Turbocharging the Brain - A Checkered History

The notion that existing drugs might enhance cognition in the healthy dates back for the better part of a century and has produced ambiguous results. Chemist Gordon Alles introduced am phetamine for medical use in 1929, a synthetic drug chemically similar to the Chinese herb ephedrine. (Alles also devised the drug Ecstasy, another amphetamine.) Various forms were dispensed on both sides during World War II to keep soldiers awake and alert and to bolster courage. The Germans and Japanese ingested methamphetamine, while the British and Americans used Benzedrine, a similar drug to Adderall.

Scientists soon wanted to know whether the perceived benefit in performance was genuine. Psychological assessments by both British and Americans during the 1940s found that users self-rated their performance highly on tests that measured reading speed, multiplication and other factors. But their test scores, in most tasks, were no better than those earned by subjects who ingested caffeine. Performance, in fact, could decline on more complex tasks. “Because of their mood-elevating effects, amphetamines tend to make us feel we are performing especially well, when in fact we are not,” says Nicolas Rasmussen, a historian of science at University of New South Wales in Sydney and author of the book On Speed (New York University Press, 2008). “In simplistic lab tests assessing performance on boring tasks, they boost scores by increasing diligence, but that’s not the same as taking a law school exam or flying in combat.”

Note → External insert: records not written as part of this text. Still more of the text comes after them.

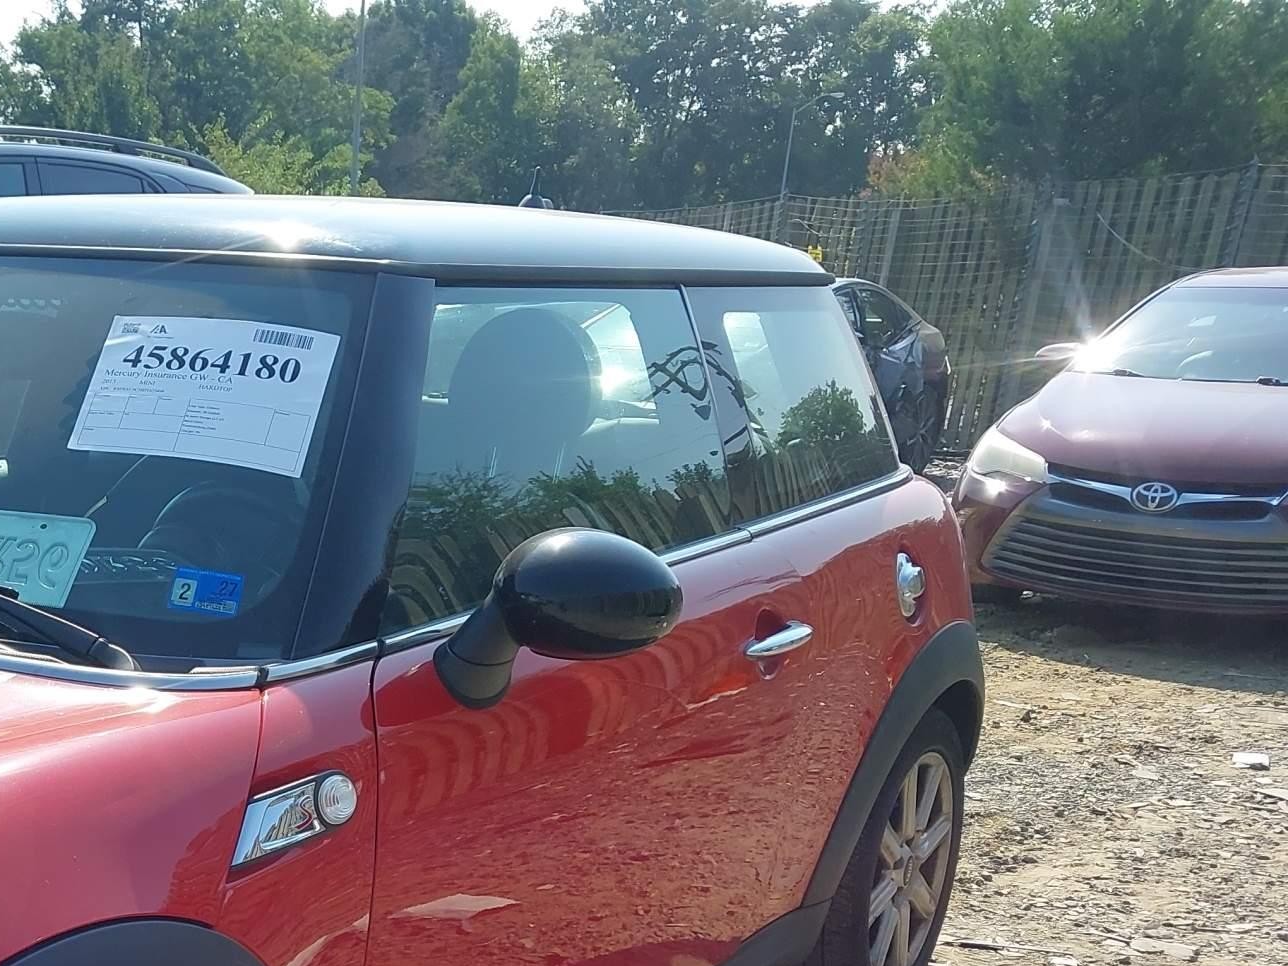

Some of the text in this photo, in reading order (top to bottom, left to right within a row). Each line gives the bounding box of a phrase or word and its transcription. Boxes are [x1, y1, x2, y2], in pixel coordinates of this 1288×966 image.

[122, 345, 302, 383] 45864180
[104, 369, 141, 378] Mercury
[144, 370, 187, 380] Insurance
[190, 373, 209, 382] GW
[218, 375, 233, 384] CA
[198, 384, 233, 392] HARDTOP
[178, 582, 191, 600] 2
[218, 580, 238, 595] 27
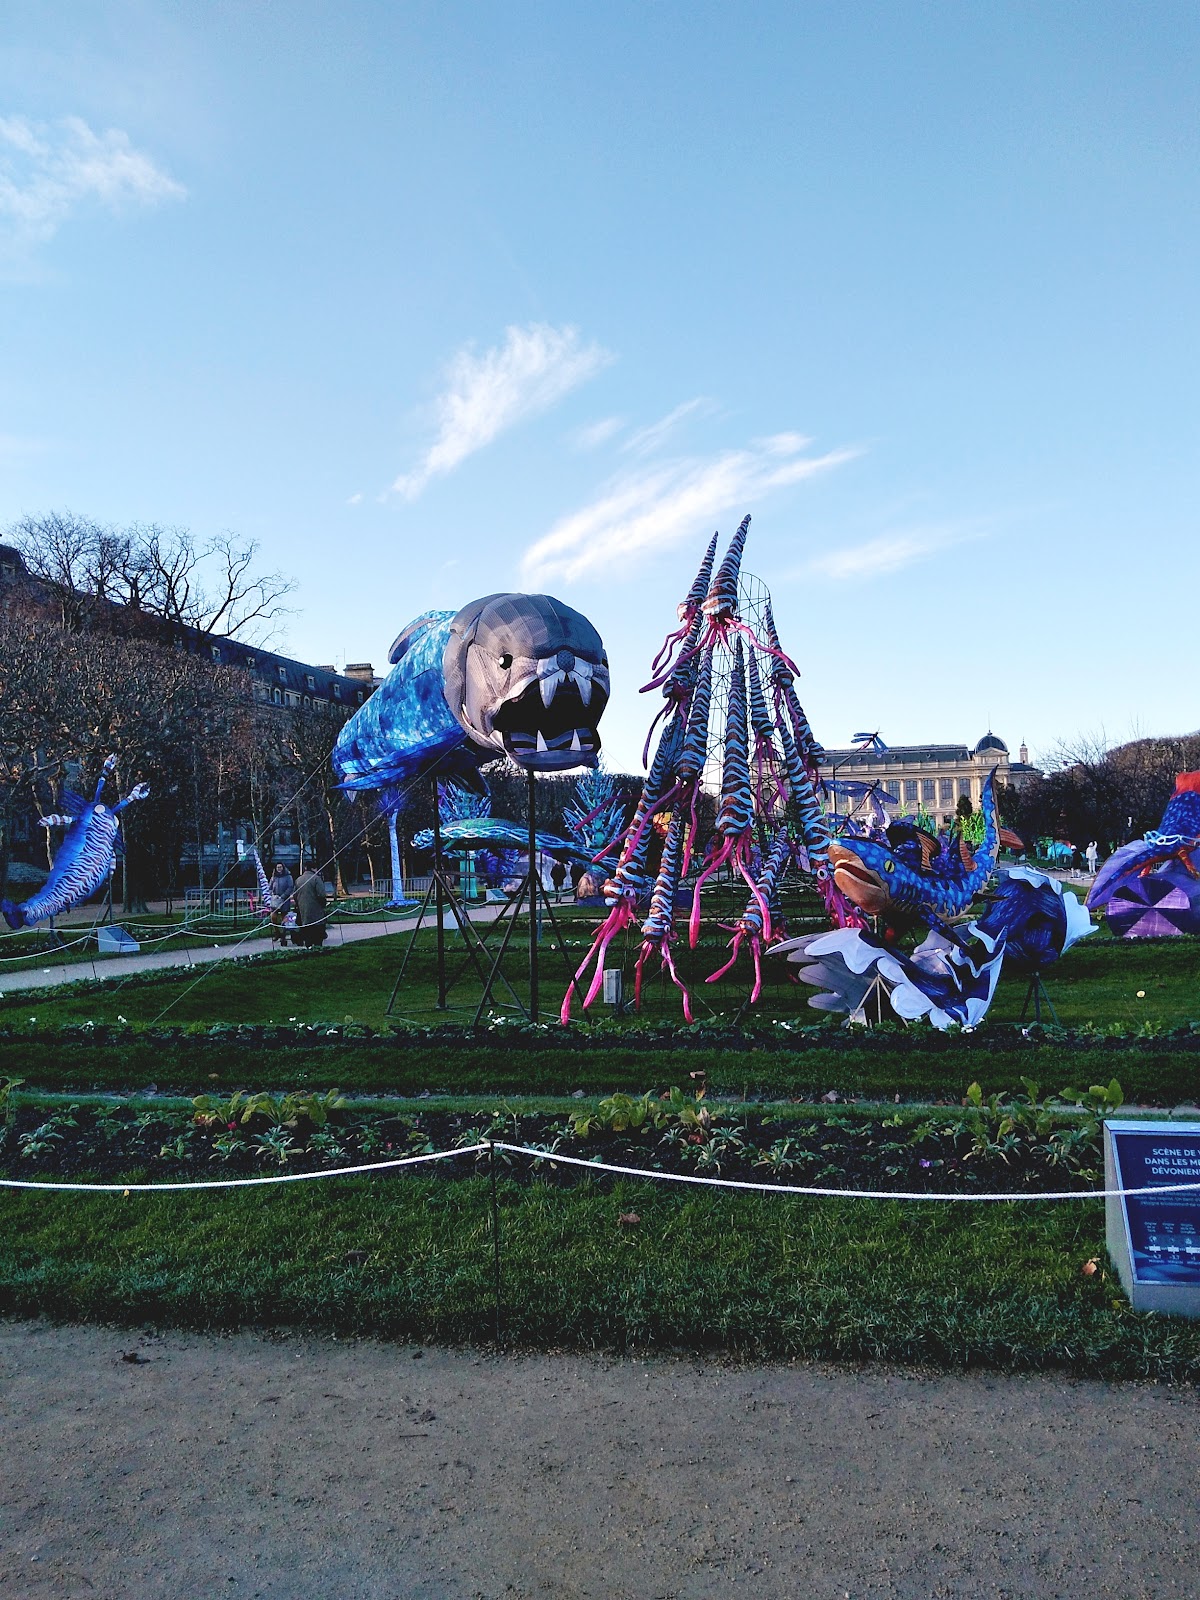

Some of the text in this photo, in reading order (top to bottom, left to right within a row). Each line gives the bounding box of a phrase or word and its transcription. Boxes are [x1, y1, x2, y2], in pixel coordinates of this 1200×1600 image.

[1152, 1147, 1182, 1156] SCÈNE
[1184, 1149, 1196, 1157] DE
[1144, 1157, 1170, 1165] DANS
[1171, 1158, 1188, 1166] LES
[1151, 1166, 1200, 1175] DÉVONIEN

Methylphenidate, a close chemical relative of the amphetamines, emerged in 1956 as a supposedly milder and gentler form of stimulant (“the happy medium in psychomotor stimulation,” in the words of the drugmaker), but both its biochemical and psychological effects are similar when adjusted for dose. The halcyon era for amphetamines occurred nearly 40 years ago. U.S. consumption reached as much as 10 billion pills in the late 1960s before the Food and Drug Administration clamped down and labeled them as controlled substances that required a special prescription. Neuroscientist Michael S. Gazzaniga of the University of California, Santa Barbara, one of the authors of the Nature commentary, remembers his father sending him Benzedrine for studying when he was in college in the early 1960s.

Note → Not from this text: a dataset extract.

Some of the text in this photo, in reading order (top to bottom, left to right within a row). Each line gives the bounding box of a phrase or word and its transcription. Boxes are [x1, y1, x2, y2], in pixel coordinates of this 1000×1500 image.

In the mid-1990s the growing use of methylphenidate for treatment of ADHD prompted researchers to deploy novel brain-imaging techniques and sophisticated neuropsychological tests to examine effects of the drug in healthy subjects, supplying a baseline for comparison with patients with ADHD and other neuropsychiatric disorders. A 1997 paper in Psychopharmacology by Barbara Sahakian, Trevor Robbins and their colleagues at the University of Cambridge showed that methylphenidate improved cognitive performance on several measures (spatial working memory and planning, in particular) in a group of rested, healthy young males but not on others, including attention and verbal fluency. As testing progressed, the volunteers seemed to make more errors in their responses, perhaps because of impulsivity induced by effects of the drug.

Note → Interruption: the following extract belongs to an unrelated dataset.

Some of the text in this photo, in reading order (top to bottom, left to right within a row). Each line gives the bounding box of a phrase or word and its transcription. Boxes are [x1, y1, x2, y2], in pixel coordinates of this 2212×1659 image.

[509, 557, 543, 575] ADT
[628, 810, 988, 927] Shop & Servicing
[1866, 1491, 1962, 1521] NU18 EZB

The same researchers found little cognitive benefit in healthy elderly males. And in 2005 a group at the University of Florida Medical School at Gainesville could not turn up any cognitive boost from the drug among 20 sleepdeprived medical students. Another impediment to methylphenidate ever being placed alongside NoDoz and other caffeine pills is its potential for causing cardiac arrhythmias and for abuse as a recreational drug. Addiction is rare with normal dosing. But in the 1970s methylphenidate users routinely became addicted after inhaling or injecting the drug that they called “West Coast.”